My answer is complex as any. I lay in my bed on the morning of USA Cyclocross Nationals reflecting:
I am doing this because it is my passion. I love this sport. This craft. I want to master it. I have spent many days training and honing my skills and my body to perform faster, smarter, and better than last year. I want to prove to myself that I can compete. That I can win. I want to be the best non-binary cyclocross racer in America. I want to rewrite the story last year, my second place finish in 2023.

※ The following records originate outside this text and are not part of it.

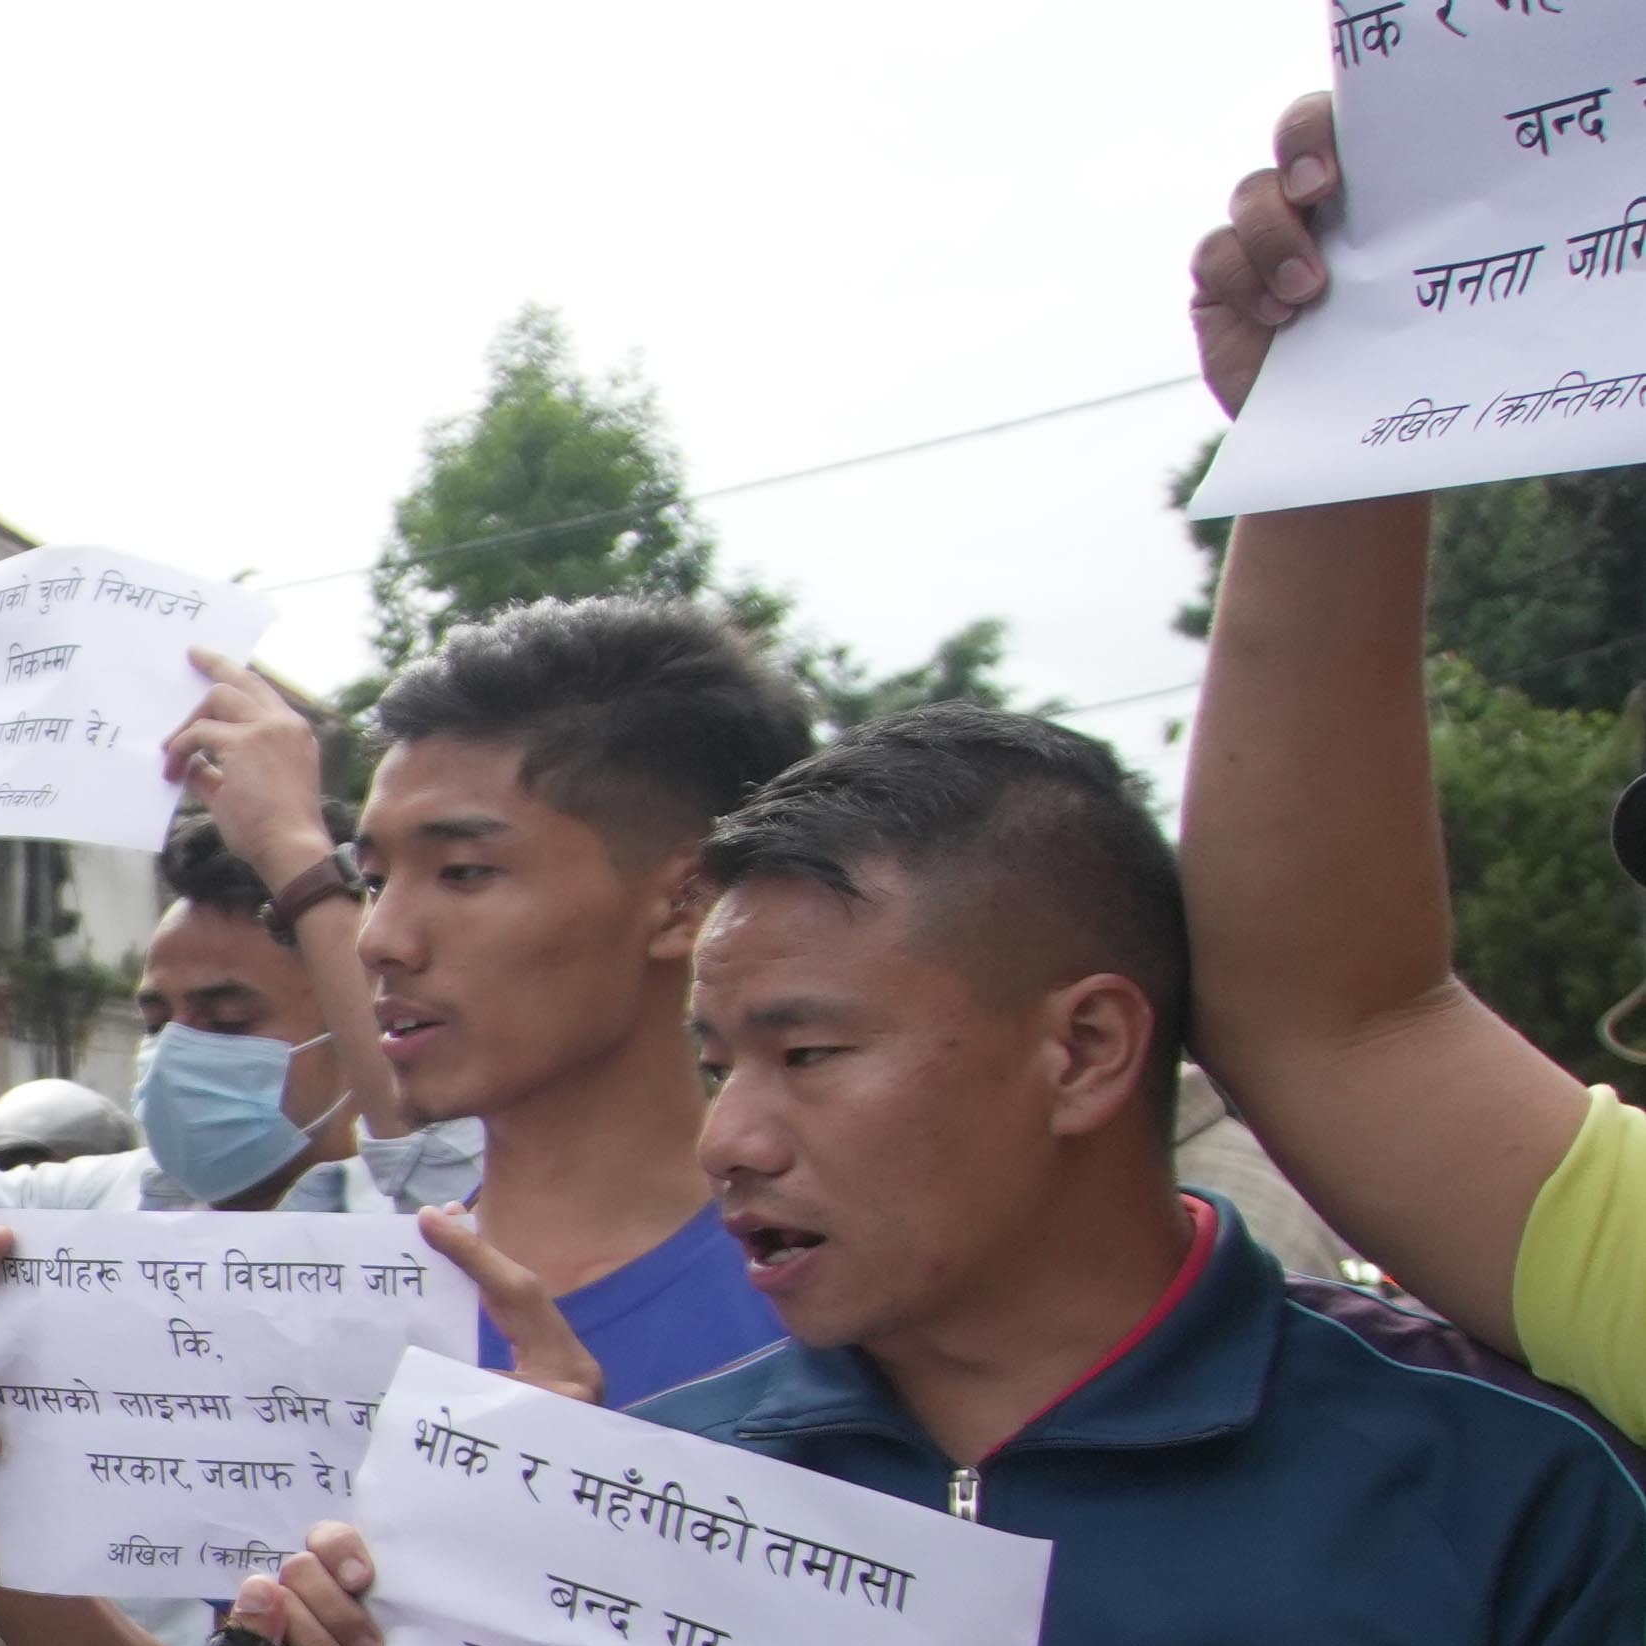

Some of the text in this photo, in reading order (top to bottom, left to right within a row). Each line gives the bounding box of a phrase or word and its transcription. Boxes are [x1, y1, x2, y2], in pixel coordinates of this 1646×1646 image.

[1503, 87, 1612, 156] बन्द
[1413, 245, 1545, 313] जनता
[1362, 397, 1470, 447] अखिल
[39, 567, 85, 614] चुलो
[93, 569, 208, 620] निभाउने
[223, 1249, 346, 1295] विद्यालय
[361, 1252, 428, 1298] जाने
[113, 1390, 231, 1424] लाइनमा
[246, 1385, 331, 1428] उभिन
[196, 1458, 295, 1492] जवाफ
[414, 1406, 915, 1613] भोक र महँगीको तमासा
[107, 1534, 182, 1567] अखिल
[546, 1573, 641, 1640] बन्द
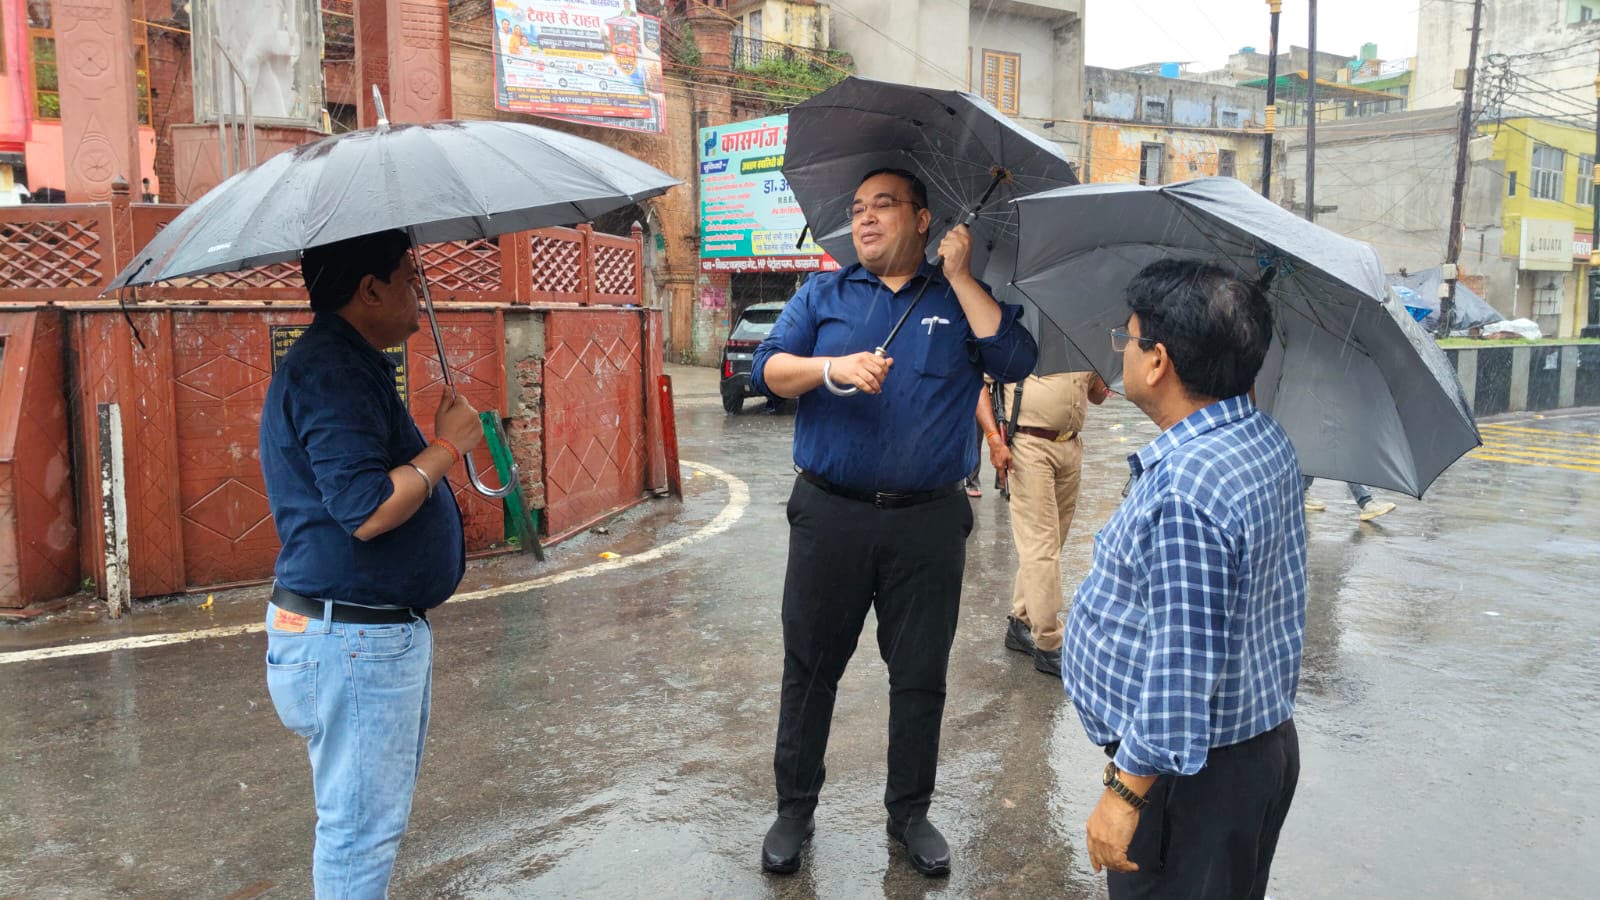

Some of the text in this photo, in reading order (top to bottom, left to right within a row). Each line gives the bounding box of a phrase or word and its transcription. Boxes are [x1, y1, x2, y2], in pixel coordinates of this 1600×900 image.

[527, 7, 601, 28] टैक्स से राहत
[721, 123, 780, 153] कासगंज
[1539, 238, 1562, 252] SUJATA

I am here because I love this cyclocross community. Yet I yearn for more lovely humans to be here among us. People of diverse backgrounds and stories. People who face barriers or obstacles to get here. I want to build my own nationals resume so that I may one day build resources and influence change in order to harbor a more diverse and inclusive sport.
This is my mission.
It matters because sport can bridge community. Sport has always been a conduit to social rhetoric and change. There is a power to the way sport is influenced by the people who perform it and vice versa. It matters because equity matters.
There should be a place here for everyone.
I did not win Nationals.
My inner perfectionist wants to name it a failure. Falling short, again, from my tangible goal. Then, it’s easy to feel failure about my mission when I can’t tangibly see the results.
Yet this is another step towards mastering my craft. I am learning to enjoy that process and let go of the results.
This is another leap towards my mission, and I am learning to give myself grace — this is an ongoing collective mission.
I leave Louisville with a burning flame inside me for 2025. For now, I rest.